The Commission will continue to use the surveillance cycles to educate companies about the greater transparency requirements under the NZ IRFS.
An in-depth review of the Commission's effectiveness found that it is discharging its responsibilities effectively and highly professionally, its Chair provides strong leadership and is supported by a high-calibre Commission and high-performance staff, that it processes a large volume of work efficiently and well, and follows good standards of practice. It also makes several suggestions of how the Commission could do better to meet market expectations.
The Commission is, however, constrained by out-of-date law that is uneven in coverage and heavily prescriptive. Its effectiveness is also limited by a narrow mandate and lack of powers, the proliferation of regulatory bodies and bottlenecks in the judicial process.
Chair Jane Diplock welcomed the report for its positive findings and for pinpointing what the Commission might do better. "This is an important moment in our history to be thinking strategically about where to go from here - how we organise ourselves and how we communicate with our stakeholders", she said.
"This is a good report card and a great opportunity."
The review was conducted by Michel Prada, the former chair of France's Securities Commission and Neil Walter, the former secretary of Foreign Affairs and Trade. The report follows KPMG's review of baseline funding of the Commission for the Ministry of Economic Development published in March 2009. It recommended an independent assessment of how well the Commission was achieving its regulatory objectives.
The authors say that, compared with corresponding overseas agencies, the Commission is delivering good value for money. Even allowing for this country's size, though, its resourcing levels are comparatively very light.
They recommend the Commission continue to focus on education, advice and persuasion, since most market participants willingly comply with accepted norms, but note it is also important to provide effective deterrence, with abuse and fraud being punished and being seen to be punished.
Along with more extensive powers, better resourcing,and a comprehensive overhaul of the system of market regulation, the report recommends a "future watch"function, advising the government on trends in international securities regulation.
Recent research found that issuers using the Trans-Tasman mutual recognition of securities offerings regime have saved on compliance costs for offering securities in the host country by up to 95 percent.
It found that the mutual recognition regime has reduced the additional legal and documentation costs to issuers offering securities in the host country by between 55 and 95 percent. The time to go to market was also significantly reduced - in one case by 25 percent.
Chairman Jane Diplock said, "The findings were encouraging.
"This is a world class example of how regulation can facilitate business. Mutual recognition is intended to aid Trans-Tasman business by giving investors more choice, and giving issuers deeper markets without higher issuing costs. The research confirms that this is the experience." she said.
The research was conducted by the Australian Securities and Investment Commission (ASIC) in consultation with the New Zealand Securities Commission.
Since coming into force in June 2008, the regime has been used by New Zealand companies seven times for capital raising in Australia. Australian companies have used it 253 times, predominantly for offering managed funds in New Zealand.
The research was conducted via interviews with key management and staff of 10 issuers in Australia and New Zealand of varying size. Participants said the regime was straightforward, transition had been easy and there was no evidence of additional compliance costs.

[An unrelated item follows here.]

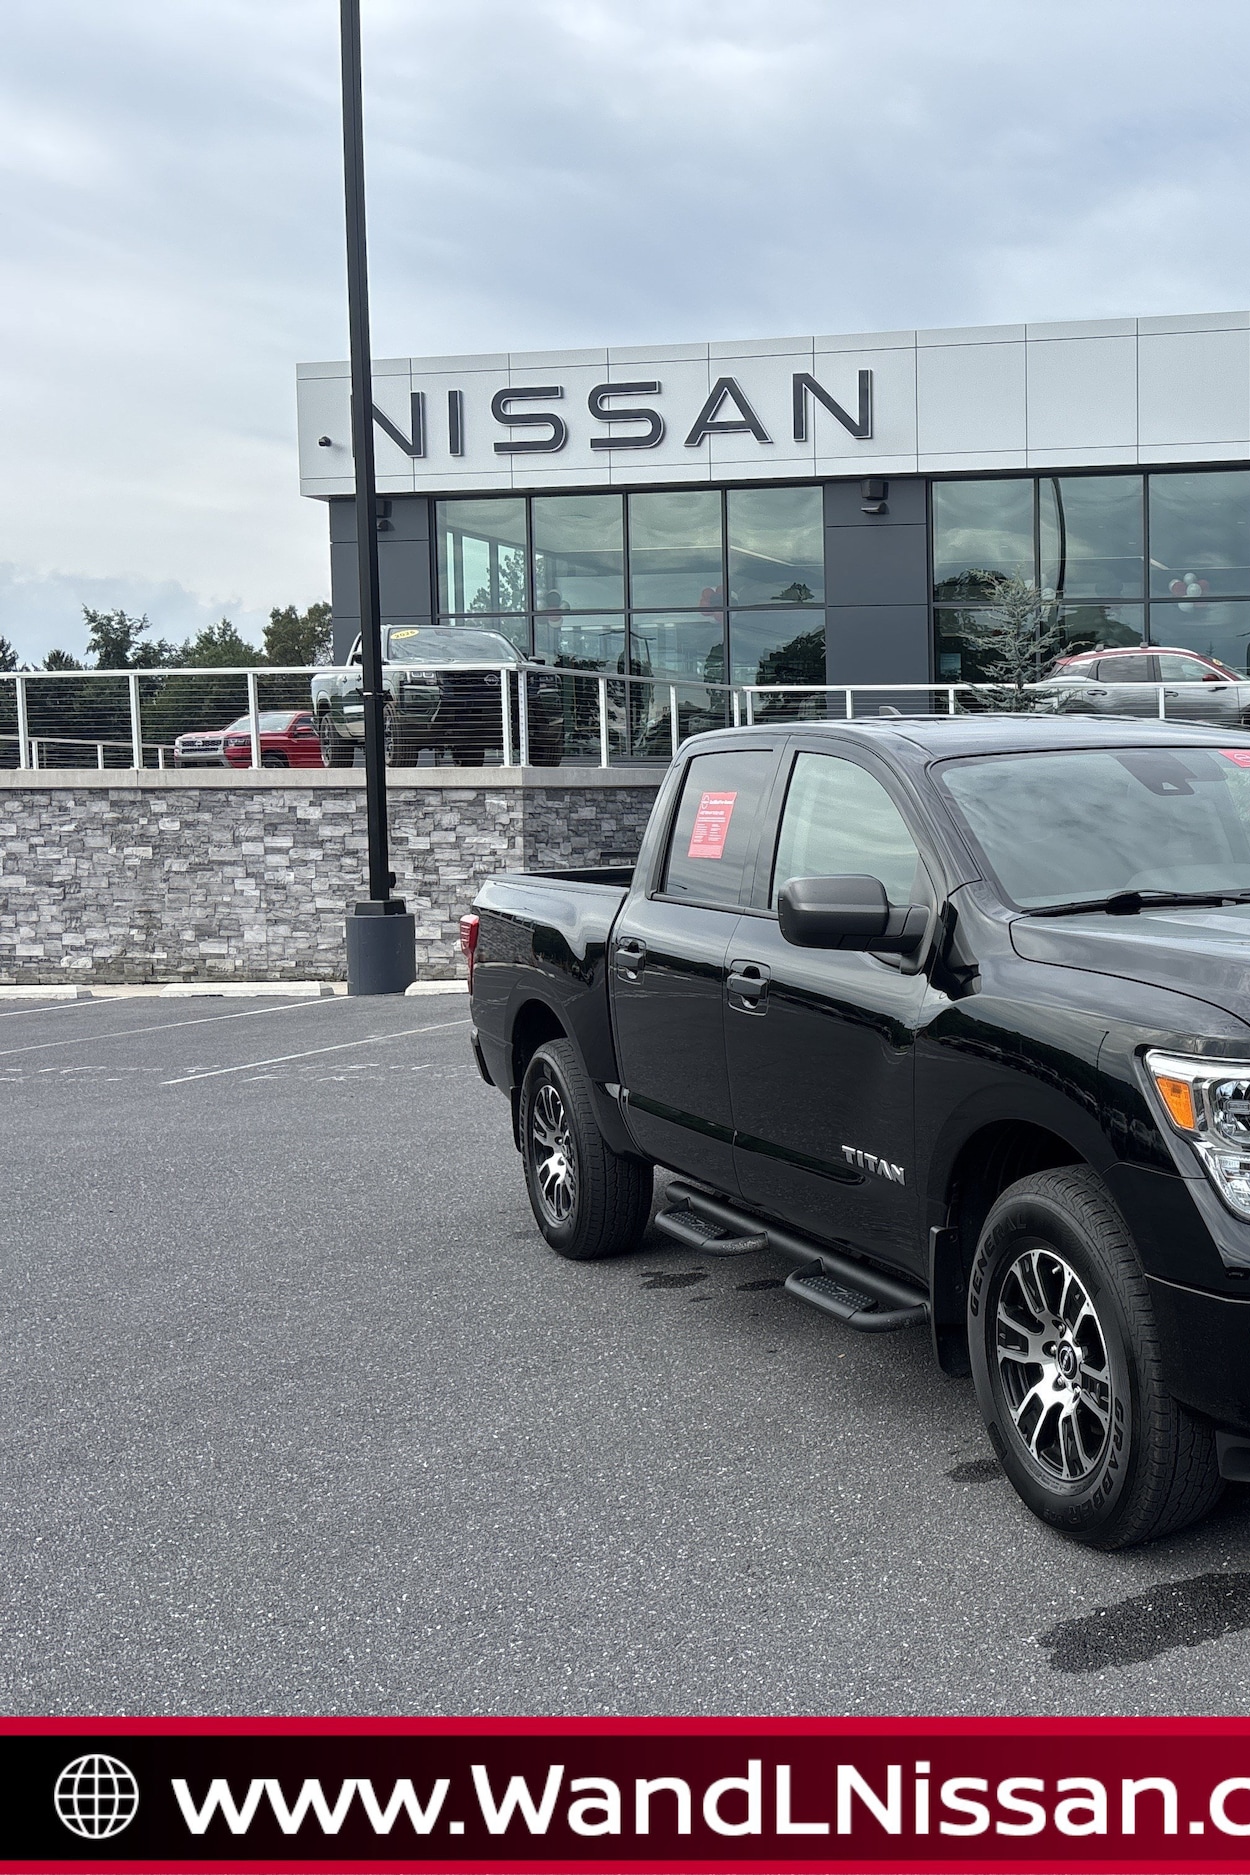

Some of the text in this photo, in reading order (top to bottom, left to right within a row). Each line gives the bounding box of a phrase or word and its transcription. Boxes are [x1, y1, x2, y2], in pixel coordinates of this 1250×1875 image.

The research found broad support for developing similar mutual recognition arrangements with other jurisdictions, although the potential cost savings were not expected to be as great as with Australia and New Zealand because of greater differences in regulatory requirements between home and host regimes.
In meetings hosted by the Swiss financial regulator FINMA, securities regulators discussed how best to address gaps in the regulatory landscape post financial crisis.
"One of the major challenges faced by the international standard setter for securities regulation is to ensure its core regulatory principles are also relevant for a post crisis world,"Jane Diplock said.
At the meeting, IOSCO's governing body, the Executive Committee,decided to form a new stand alone principle dealing with systemic risk.
Jane Diplock said, "This is an important development reflecting global concerns regarding financial stability and recognition that securities regulators have an important contribution to make in this area."
IOSCO is currently consulting on its recent Technical Committee reports on Transparency of Structured Finance Products for comments by 13 November; and Transparency of Firms that Audit Public Companies,Auditor Communications, and Exploration of Non-Professional Ownership Structures for Audit Firms for comment by 1 December.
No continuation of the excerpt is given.